*** Source data Section Begins ***

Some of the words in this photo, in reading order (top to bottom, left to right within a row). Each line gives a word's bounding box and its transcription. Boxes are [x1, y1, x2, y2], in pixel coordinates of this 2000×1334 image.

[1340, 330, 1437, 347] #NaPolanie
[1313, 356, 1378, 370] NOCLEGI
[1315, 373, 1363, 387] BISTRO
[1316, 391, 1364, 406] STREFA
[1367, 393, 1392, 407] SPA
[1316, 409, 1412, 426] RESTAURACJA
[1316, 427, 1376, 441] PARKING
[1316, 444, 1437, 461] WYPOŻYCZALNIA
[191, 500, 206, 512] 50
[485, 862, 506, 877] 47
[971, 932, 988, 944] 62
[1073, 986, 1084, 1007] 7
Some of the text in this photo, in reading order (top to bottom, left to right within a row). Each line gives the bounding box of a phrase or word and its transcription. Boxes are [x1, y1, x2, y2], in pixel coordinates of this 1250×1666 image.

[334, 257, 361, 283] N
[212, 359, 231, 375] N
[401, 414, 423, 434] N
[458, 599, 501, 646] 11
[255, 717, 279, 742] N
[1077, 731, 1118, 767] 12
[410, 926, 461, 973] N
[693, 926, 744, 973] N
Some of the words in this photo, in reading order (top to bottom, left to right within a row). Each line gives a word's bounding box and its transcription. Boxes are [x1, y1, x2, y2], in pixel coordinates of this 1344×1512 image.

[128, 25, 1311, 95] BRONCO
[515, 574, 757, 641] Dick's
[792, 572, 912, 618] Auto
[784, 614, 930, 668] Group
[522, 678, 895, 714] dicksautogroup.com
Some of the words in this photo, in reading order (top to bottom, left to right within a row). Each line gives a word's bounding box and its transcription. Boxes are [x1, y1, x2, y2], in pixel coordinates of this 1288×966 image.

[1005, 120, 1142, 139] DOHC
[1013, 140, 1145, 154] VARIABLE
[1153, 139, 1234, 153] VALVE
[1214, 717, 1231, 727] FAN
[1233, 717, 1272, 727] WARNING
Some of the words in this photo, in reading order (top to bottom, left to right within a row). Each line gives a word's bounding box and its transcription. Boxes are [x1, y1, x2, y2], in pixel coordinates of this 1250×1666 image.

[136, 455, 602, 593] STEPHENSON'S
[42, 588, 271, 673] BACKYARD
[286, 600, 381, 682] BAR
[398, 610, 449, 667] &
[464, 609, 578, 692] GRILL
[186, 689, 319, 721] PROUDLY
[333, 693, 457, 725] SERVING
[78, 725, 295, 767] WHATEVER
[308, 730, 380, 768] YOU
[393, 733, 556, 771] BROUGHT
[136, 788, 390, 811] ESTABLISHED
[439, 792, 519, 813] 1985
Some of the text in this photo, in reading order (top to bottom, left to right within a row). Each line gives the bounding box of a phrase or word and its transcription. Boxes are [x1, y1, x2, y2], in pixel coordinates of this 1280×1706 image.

*** Source data Section Ends ***

■ **Task prompt**:
Print every line of the material above exactly.

■ **Result of the exercise**:
Some of the words in this photo, in reading order (top to bottom, left to right within a row). Each line gives a word's bounding box and its transcription. Boxes are [x1, y1, x2, y2], in pixel coordinates of this 2000×1334 image.

[1340, 330, 1437, 347] #NaPolanie
[1313, 356, 1378, 370] NOCLEGI
[1315, 373, 1363, 387] BISTRO
[1316, 391, 1364, 406] STREFA
[1367, 393, 1392, 407] SPA
[1316, 409, 1412, 426] RESTAURACJA
[1316, 427, 1376, 441] PARKING
[1316, 444, 1437, 461] WYPOŻYCZALNIA
[191, 500, 206, 512] 50
[485, 862, 506, 877] 47
[971, 932, 988, 944] 62
[1073, 986, 1084, 1007] 7
Some of the text in this photo, in reading order (top to bottom, left to right within a row). Each line gives the bounding box of a phrase or word and its transcription. Boxes are [x1, y1, x2, y2], in pixel coordinates of this 1250×1666 image.

[334, 257, 361, 283] N
[212, 359, 231, 375] N
[401, 414, 423, 434] N
[458, 599, 501, 646] 11
[255, 717, 279, 742] N
[1077, 731, 1118, 767] 12
[410, 926, 461, 973] N
[693, 926, 744, 973] N
Some of the words in this photo, in reading order (top to bottom, left to right within a row). Each line gives a word's bounding box and its transcription. Boxes are [x1, y1, x2, y2], in pixel coordinates of this 1344×1512 image.

[128, 25, 1311, 95] BRONCO
[515, 574, 757, 641] Dick's
[792, 572, 912, 618] Auto
[784, 614, 930, 668] Group
[522, 678, 895, 714] dicksautogroup.com
Some of the words in this photo, in reading order (top to bottom, left to right within a row). Each line gives a word's bounding box and its transcription. Boxes are [x1, y1, x2, y2], in pixel coordinates of this 1288×966 image.

[1005, 120, 1142, 139] DOHC
[1013, 140, 1145, 154] VARIABLE
[1153, 139, 1234, 153] VALVE
[1214, 717, 1231, 727] FAN
[1233, 717, 1272, 727] WARNING
Some of the words in this photo, in reading order (top to bottom, left to right within a row). Each line gives a word's bounding box and its transcription. Boxes are [x1, y1, x2, y2], in pixel coordinates of this 1250×1666 image.

[136, 455, 602, 593] STEPHENSON'S
[42, 588, 271, 673] BACKYARD
[286, 600, 381, 682] BAR
[398, 610, 449, 667] &
[464, 609, 578, 692] GRILL
[186, 689, 319, 721] PROUDLY
[333, 693, 457, 725] SERVING
[78, 725, 295, 767] WHATEVER
[308, 730, 380, 768] YOU
[393, 733, 556, 771] BROUGHT
[136, 788, 390, 811] ESTABLISHED
[439, 792, 519, 813] 1985
Some of the text in this photo, in reading order (top to bottom, left to right within a row). Each line gives the bounding box of a phrase or word and its transcription. Boxes are [x1, y1, x2, y2], in pixel coordinates of this 1280×1706 image.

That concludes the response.